Do think it's common--or even possible--for someone to suddenly become a fan of SF or F late in life without a foundation of early exposure?  I'm probably talking about serious fans and readers (like us); I know most  people can't escape casual familiarity with SF through film and TV.

I got to thinking after reading some of the comments about E.E. "Doc" Smith's "Lensman" series, which many people have read and enjoyed (including me) but now regard as unsophisticated and juvenile.  I certainly started my journey into SF/F fandom at an early age (also see the "earliest SF memory" thread.)  I'm just wondering if it just kind of grows with one.


----------



## Loner (Nov 3, 2006)

I think its possible, but not common.
I can't think of a single example from my own experience. All of my sci-fi loving friends have enjoyed it since childhood.


----------



## j d worthington (Nov 3, 2006)

I'd tend to agree... I've seen it happen, but most of the times I've encountered or read people describing their experience with it, they've grown up with it. I've encountered a few that didn't, but who fell in love with the field, though.

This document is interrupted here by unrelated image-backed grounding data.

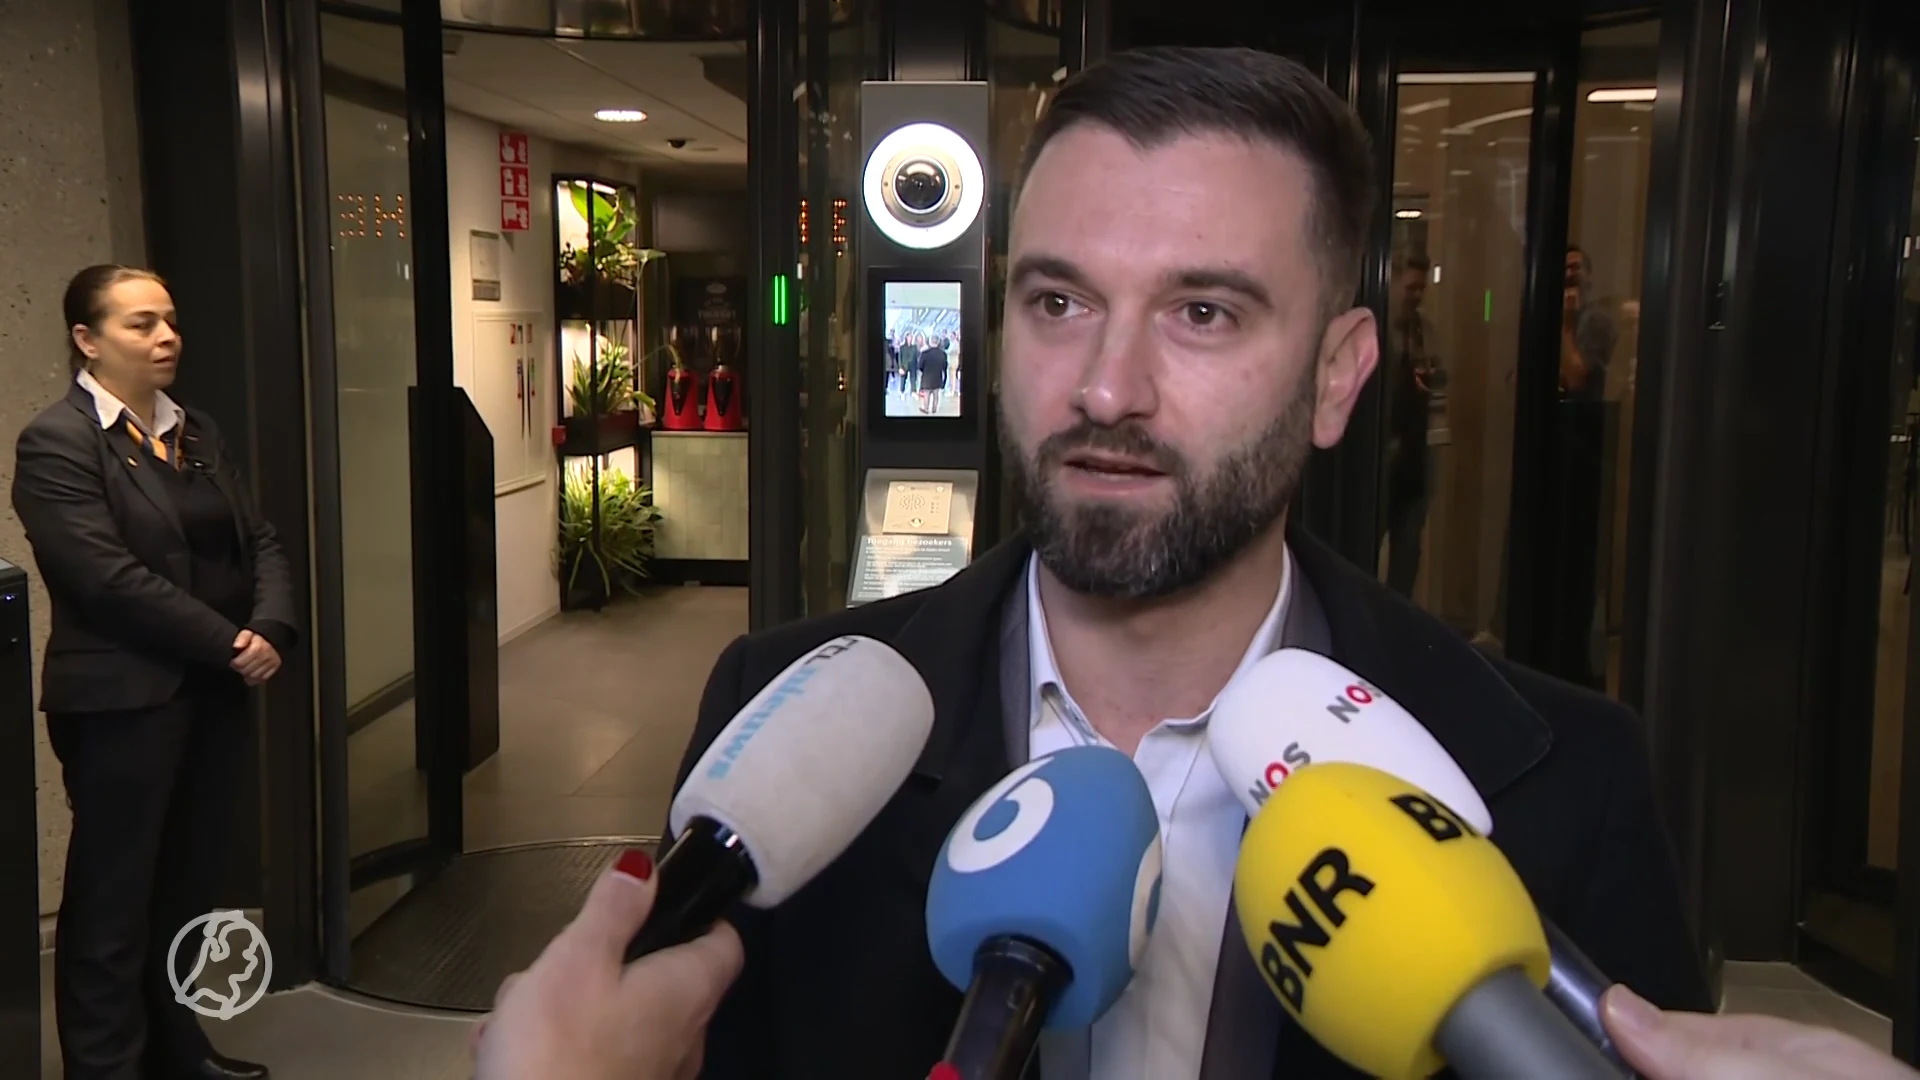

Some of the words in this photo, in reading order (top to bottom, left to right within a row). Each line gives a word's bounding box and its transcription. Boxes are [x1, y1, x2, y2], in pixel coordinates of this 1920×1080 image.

[947, 755, 1054, 874] 6
[1249, 742, 1311, 806] NOS
[1261, 846, 1376, 1015] BNR
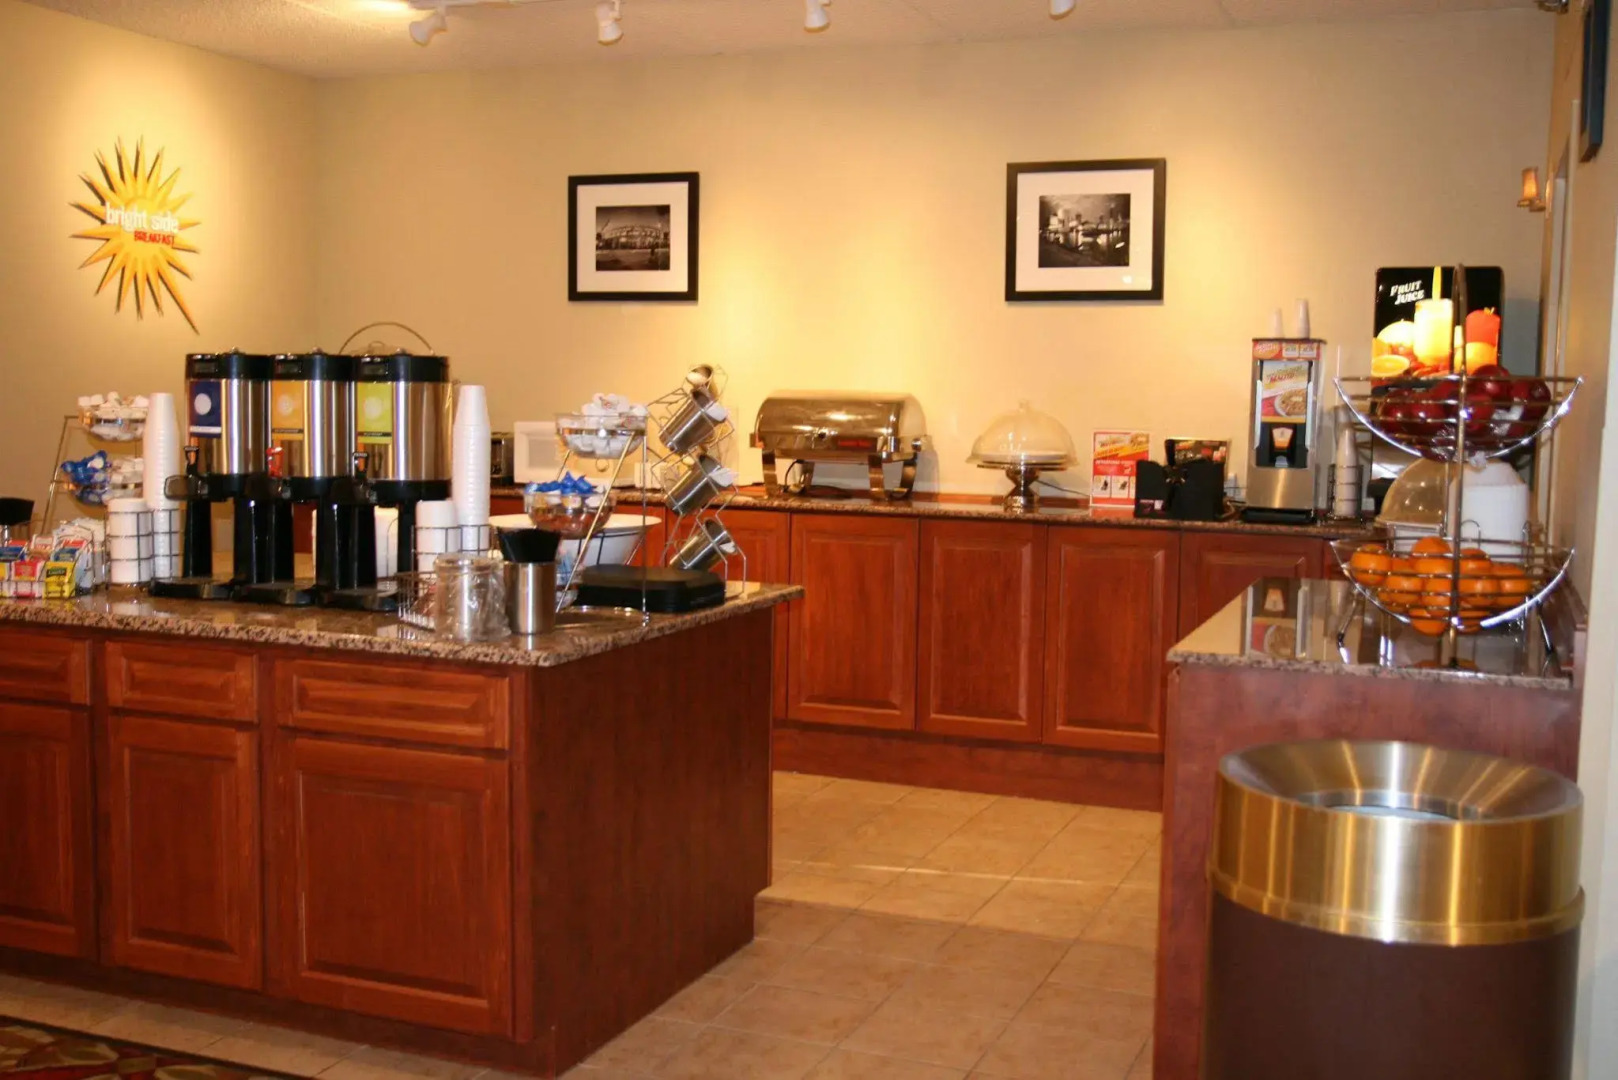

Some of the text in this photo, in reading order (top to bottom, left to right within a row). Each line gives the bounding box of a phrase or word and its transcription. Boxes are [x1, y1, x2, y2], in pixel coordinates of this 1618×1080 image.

[105, 202, 178, 233] bright side
[134, 230, 174, 245] BREAKFAST
[1390, 280, 1422, 296] FRUIT
[1394, 290, 1424, 305] JUICE

Interestingly enough, in light of the comments about Doc Smith... I have a friend who had only read scattered pieces of sf most of his life, in the way of his heterogeneous reading (he preferred either the classics or modern European -- specifically German and French -- literature) ... and my mentioning Smith got him curious about those... and he quite enjoyed them, in his late 20s... I think he likes the older style of writing, and I know he has developed a taste for the old pulp hounds; so it's definitely possible.


----------



## Nesacat (Nov 3, 2006)

It's absolutely possible. I know of several people who only started reading SFF as adults. Two of them I introduced to the genre a few years ago and now they are quite hooked. They are both my age and I'm 37 now.

I think there are many such people here at least if only because SFF has only very recently started making it's presence felt in the bookstores. Most of those I know who started reading it from childhood had an external source books and then went abroad to study. In my case the books came from relatives abroad and a mother who loved myth and always said that dragons did in fact exist.


----------



## Cloud (Nov 3, 2006)

Great for those older readers who have taken it up!  

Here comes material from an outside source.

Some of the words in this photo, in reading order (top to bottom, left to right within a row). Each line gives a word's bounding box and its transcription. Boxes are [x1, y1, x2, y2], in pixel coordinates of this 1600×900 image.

I disagree with your statement that SFF has only recently made its presence in bookstores, though.   You haven't been shopping in the same stores as I have, I guess.


----------



## BookStop (Nov 3, 2006)

My only exposure to sci-fi, before I married a sf fanatic, were the Star Wars movies. It's really only very recently that I've been reading sf and fantasy.  My husband had been bugging me for years and years to read some of his books. I didn't really relent until he wrote one himself, then I had to read to read it to show my support and all. It was quite exciting and entertaining and I now read sci-fi or fantasy all the time.


----------



## Sharukem (Nov 7, 2006)

Cloud said:


> Do think it's common--or even possible--for someone to suddenly become a fan of SF or F late in life without a foundation of early exposure? I'm probably talking about serious fans and readers (like us); I know most people can't escape casual familiarity with SF through film and TV.
> 
> I got to thinking after reading some of the comments about E.E. "Doc" Smith's "Lensman" series, which many people have read and enjoyed (including me) but now regard as unsophisticated and juvenile. I certainly started my journey into SF/F fandom at an early age (also see the "earliest SF memory" thread.) I'm just wondering if it just kind of grows with one.

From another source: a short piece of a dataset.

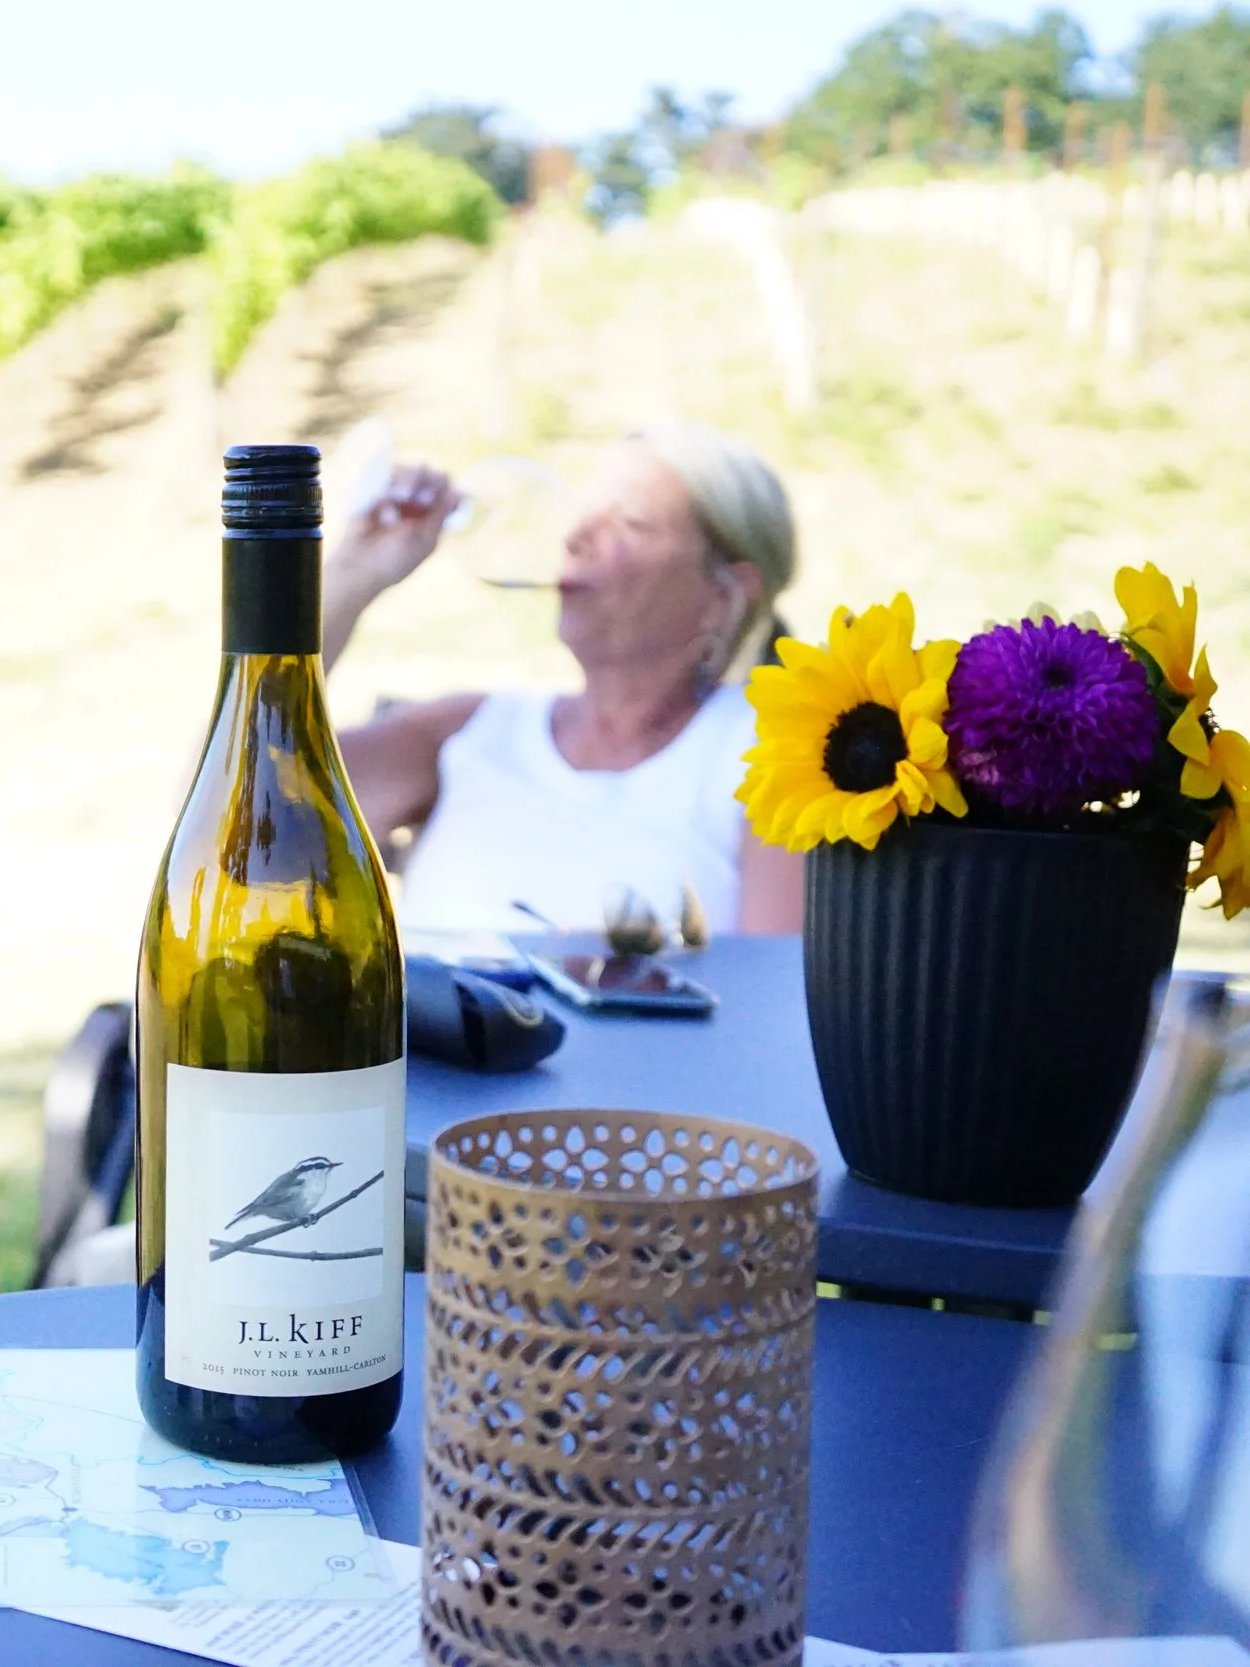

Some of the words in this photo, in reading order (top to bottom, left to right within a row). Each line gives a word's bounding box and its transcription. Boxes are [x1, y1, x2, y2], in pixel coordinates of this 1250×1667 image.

it is very possible and becoming more common among the new of of children. but the more common it becomes the more adn more the authors have to come up with which could be very strenuois for the new sf/f writers.


----------



## steve12553 (Nov 7, 2006)

Nesacat said:


> It's absolutely possible. I know of several people who only started reading SFF as adults. Two of them I introduced to the genre a few years ago and now they are quite hooked. They are both my age and I'm 37 now.


You're still a child. J/K There are so many classics that laid the Foundation (pun intended) for Science Fiction, I feel it would be hard to ever get up to speed but then you always have the rest of your life to try. I do also think you've really missed part of it if you don't start with the early classics or at least go back and pick them up.


----------



## WhiteCrowUK (Nov 7, 2006)

I think typically sci-fi is something which is associated with childhood and in general it's something which people are expected to grow out of.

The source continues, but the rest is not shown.